• _Exercise data_:
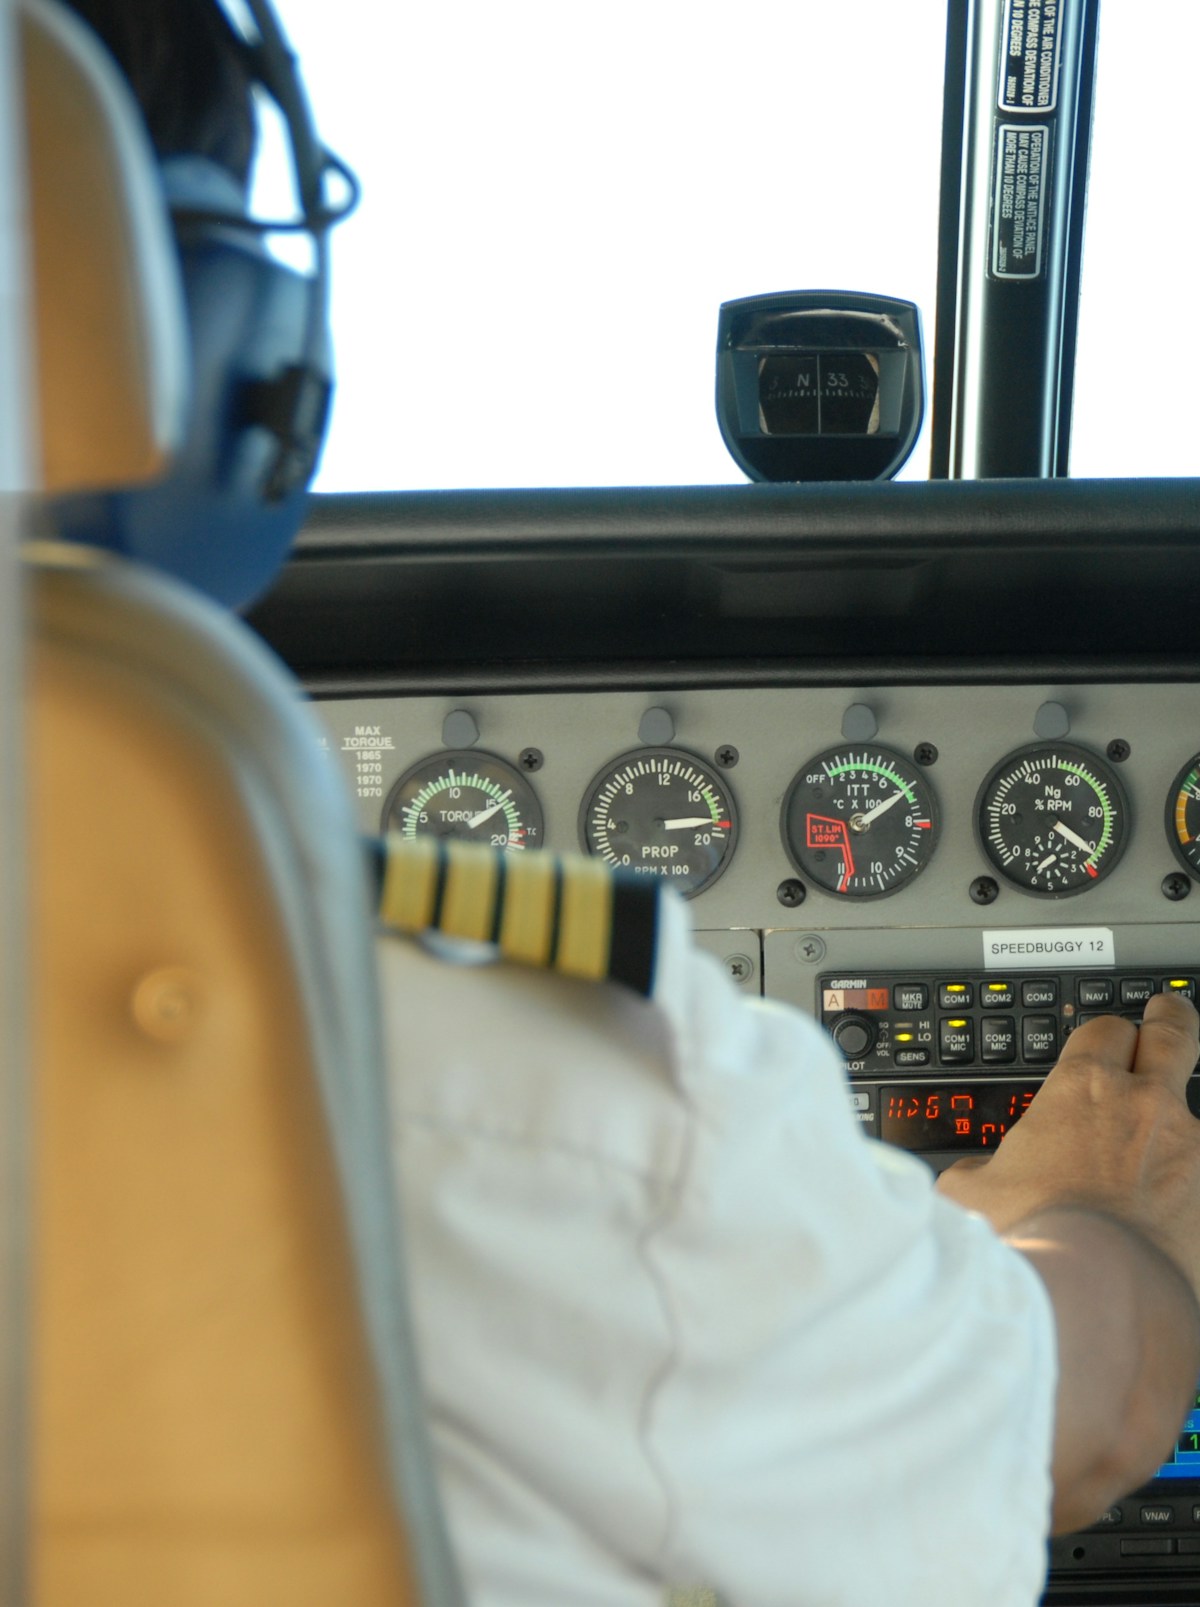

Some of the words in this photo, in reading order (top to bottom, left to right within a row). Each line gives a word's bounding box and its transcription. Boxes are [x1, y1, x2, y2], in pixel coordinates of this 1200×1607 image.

[1012, 9, 1024, 18] 10
[1044, 6, 1055, 18] OF
[1025, 9, 1040, 49] COMPASS
[1043, 18, 1055, 35] THE
[1009, 19, 1023, 57] DEGREES
[1041, 36, 1053, 50] AIR
[1022, 50, 1037, 93] DEVIATION
[1037, 51, 1052, 106] CONDITIONER
[1022, 94, 1034, 106] OF
[1006, 131, 1017, 153] MORE
[1018, 132, 1030, 148] MAY
[1029, 132, 1042, 173] OPERATION
[1004, 154, 1016, 173] THAN
[1016, 149, 1029, 173] CAUSE
[1003, 175, 1014, 184] 10
[1028, 174, 1040, 185] OF
[1014, 174, 1027, 210] COMPASS
[1027, 186, 1039, 199] THE
[1002, 184, 1013, 219] DEGREES
[1025, 200, 1038, 231] ANTI-ICE
[1013, 210, 1026, 247] DEVIATION
[1024, 232, 1036, 256] PANEL
[1012, 248, 1023, 259] OF
[797, 374, 810, 387] N
[828, 373, 849, 387] 33
[355, 727, 381, 735] MAX
[344, 737, 392, 747] TORQUE
[357, 751, 381, 760] 1865
[357, 763, 382, 772] 1970
[357, 776, 382, 785] 1970
[658, 774, 670, 785] 12
[806, 775, 825, 783] OFF
[1025, 774, 1040, 784] 40
[1065, 775, 1080, 786] 60
[357, 788, 382, 797] 1970
[450, 788, 461, 798] 10
[847, 785, 870, 796] ITT
[1045, 786, 1061, 799] Ng
[688, 791, 701, 802] 16
[1002, 804, 1016, 815] 20
[1047, 800, 1072, 811] RPM
[1089, 807, 1103, 817] 80
[491, 835, 507, 846] 20
[695, 834, 710, 845] 20
[642, 846, 678, 858] PROP
[672, 865, 689, 874] 100
[871, 862, 883, 873] 10
[991, 941, 1083, 954] SPEEDBUGGY
[1090, 941, 1104, 951] 12
[831, 980, 866, 988] GARMIN
[902, 994, 922, 1002] MKR
[944, 995, 970, 1004] COM1
[985, 994, 1011, 1003] COM2
[1027, 993, 1053, 1002] COM3
[1086, 993, 1109, 1001] NAV1
[1127, 992, 1150, 1000] NAV2
[902, 1002, 922, 1010] MUTE
[920, 1022, 930, 1030] HI
[918, 1033, 932, 1042] LO
[944, 1035, 970, 1043] COM1
[986, 1035, 1011, 1043] COM2
[1027, 1034, 1053, 1042] COM3
[951, 1043, 966, 1051] MIC
[991, 1042, 1007, 1050] MIC
[1033, 1041, 1048, 1049] MIC
[900, 1053, 926, 1061] SENS
[1145, 1512, 1170, 1521] VNAV
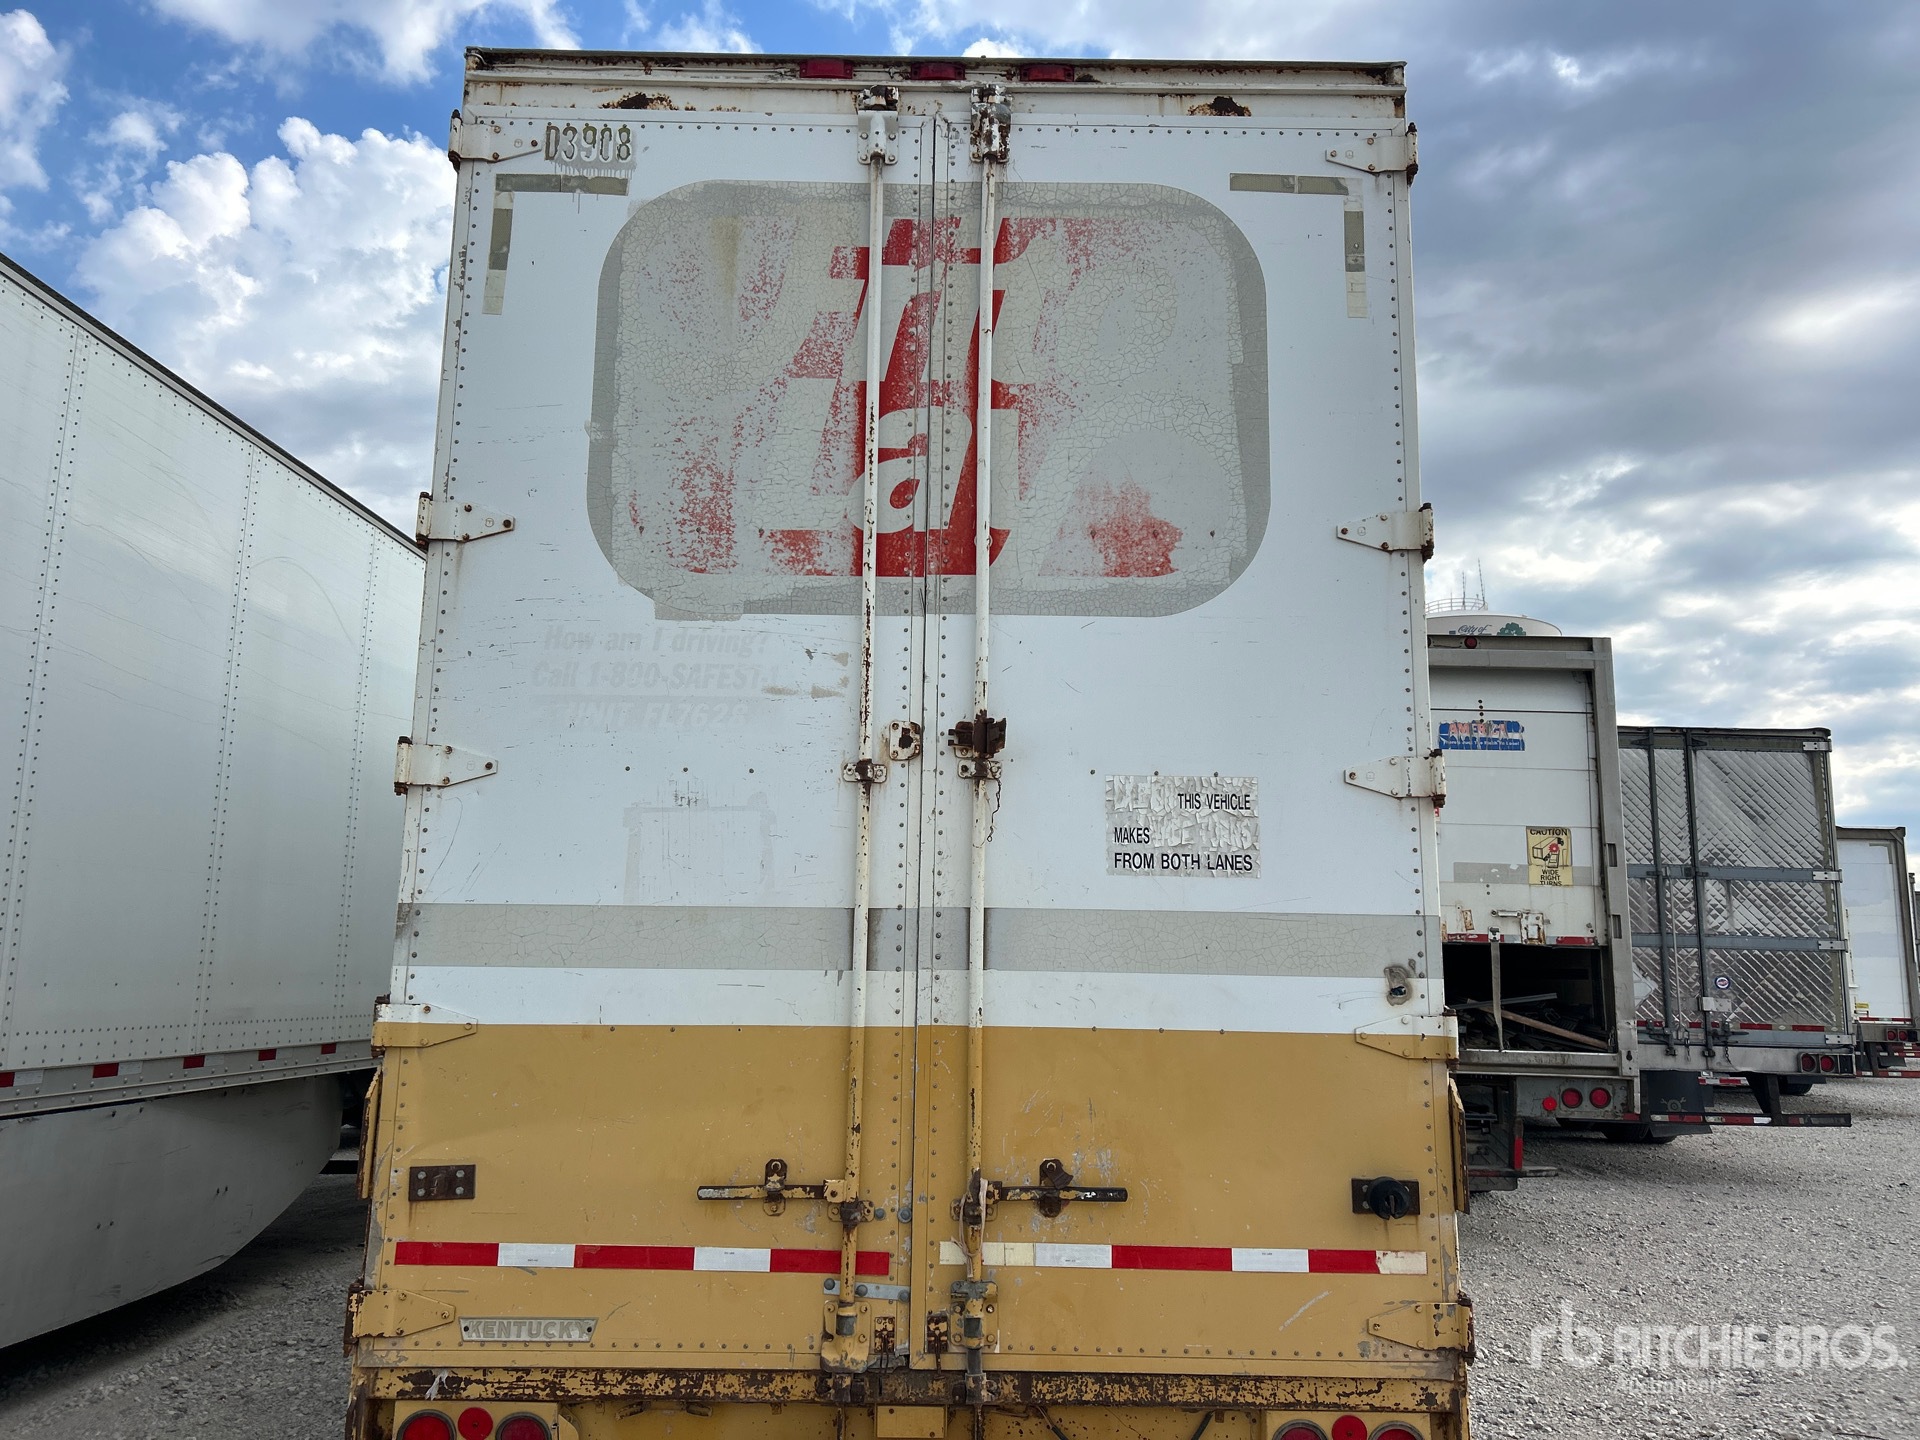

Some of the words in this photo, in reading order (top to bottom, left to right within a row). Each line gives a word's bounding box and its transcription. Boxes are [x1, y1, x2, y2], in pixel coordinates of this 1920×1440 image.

• _Directions_: Would you please copy the listing exactly, omitting every picture?

• _Your response_:
Some of the words in this photo, in reading order (top to bottom, left to right within a row). Each line gives a word's bounding box and its transcription. Boxes are [x1, y1, x2, y2], in pixel coordinates of this 1200×1607 image.

[1012, 9, 1024, 18] 10
[1044, 6, 1055, 18] OF
[1025, 9, 1040, 49] COMPASS
[1043, 18, 1055, 35] THE
[1009, 19, 1023, 57] DEGREES
[1041, 36, 1053, 50] AIR
[1022, 50, 1037, 93] DEVIATION
[1037, 51, 1052, 106] CONDITIONER
[1022, 94, 1034, 106] OF
[1006, 131, 1017, 153] MORE
[1018, 132, 1030, 148] MAY
[1029, 132, 1042, 173] OPERATION
[1004, 154, 1016, 173] THAN
[1016, 149, 1029, 173] CAUSE
[1003, 175, 1014, 184] 10
[1028, 174, 1040, 185] OF
[1014, 174, 1027, 210] COMPASS
[1027, 186, 1039, 199] THE
[1002, 184, 1013, 219] DEGREES
[1025, 200, 1038, 231] ANTI-ICE
[1013, 210, 1026, 247] DEVIATION
[1024, 232, 1036, 256] PANEL
[1012, 248, 1023, 259] OF
[797, 374, 810, 387] N
[828, 373, 849, 387] 33
[355, 727, 381, 735] MAX
[344, 737, 392, 747] TORQUE
[357, 751, 381, 760] 1865
[357, 763, 382, 772] 1970
[357, 776, 382, 785] 1970
[658, 774, 670, 785] 12
[806, 775, 825, 783] OFF
[1025, 774, 1040, 784] 40
[1065, 775, 1080, 786] 60
[357, 788, 382, 797] 1970
[450, 788, 461, 798] 10
[847, 785, 870, 796] ITT
[1045, 786, 1061, 799] Ng
[688, 791, 701, 802] 16
[1002, 804, 1016, 815] 20
[1047, 800, 1072, 811] RPM
[1089, 807, 1103, 817] 80
[491, 835, 507, 846] 20
[695, 834, 710, 845] 20
[642, 846, 678, 858] PROP
[672, 865, 689, 874] 100
[871, 862, 883, 873] 10
[991, 941, 1083, 954] SPEEDBUGGY
[1090, 941, 1104, 951] 12
[831, 980, 866, 988] GARMIN
[902, 994, 922, 1002] MKR
[944, 995, 970, 1004] COM1
[985, 994, 1011, 1003] COM2
[1027, 993, 1053, 1002] COM3
[1086, 993, 1109, 1001] NAV1
[1127, 992, 1150, 1000] NAV2
[902, 1002, 922, 1010] MUTE
[920, 1022, 930, 1030] HI
[918, 1033, 932, 1042] LO
[944, 1035, 970, 1043] COM1
[986, 1035, 1011, 1043] COM2
[1027, 1034, 1053, 1042] COM3
[951, 1043, 966, 1051] MIC
[991, 1042, 1007, 1050] MIC
[1033, 1041, 1048, 1049] MIC
[900, 1053, 926, 1061] SENS
[1145, 1512, 1170, 1521] VNAV

Some of the words in this photo, in reading order (top to bottom, left to right within a row). Each line gives a word's bounding box and its transcription. Boxes are [x1, y1, x2, y2], in pixel coordinates of this 1920×1440 image.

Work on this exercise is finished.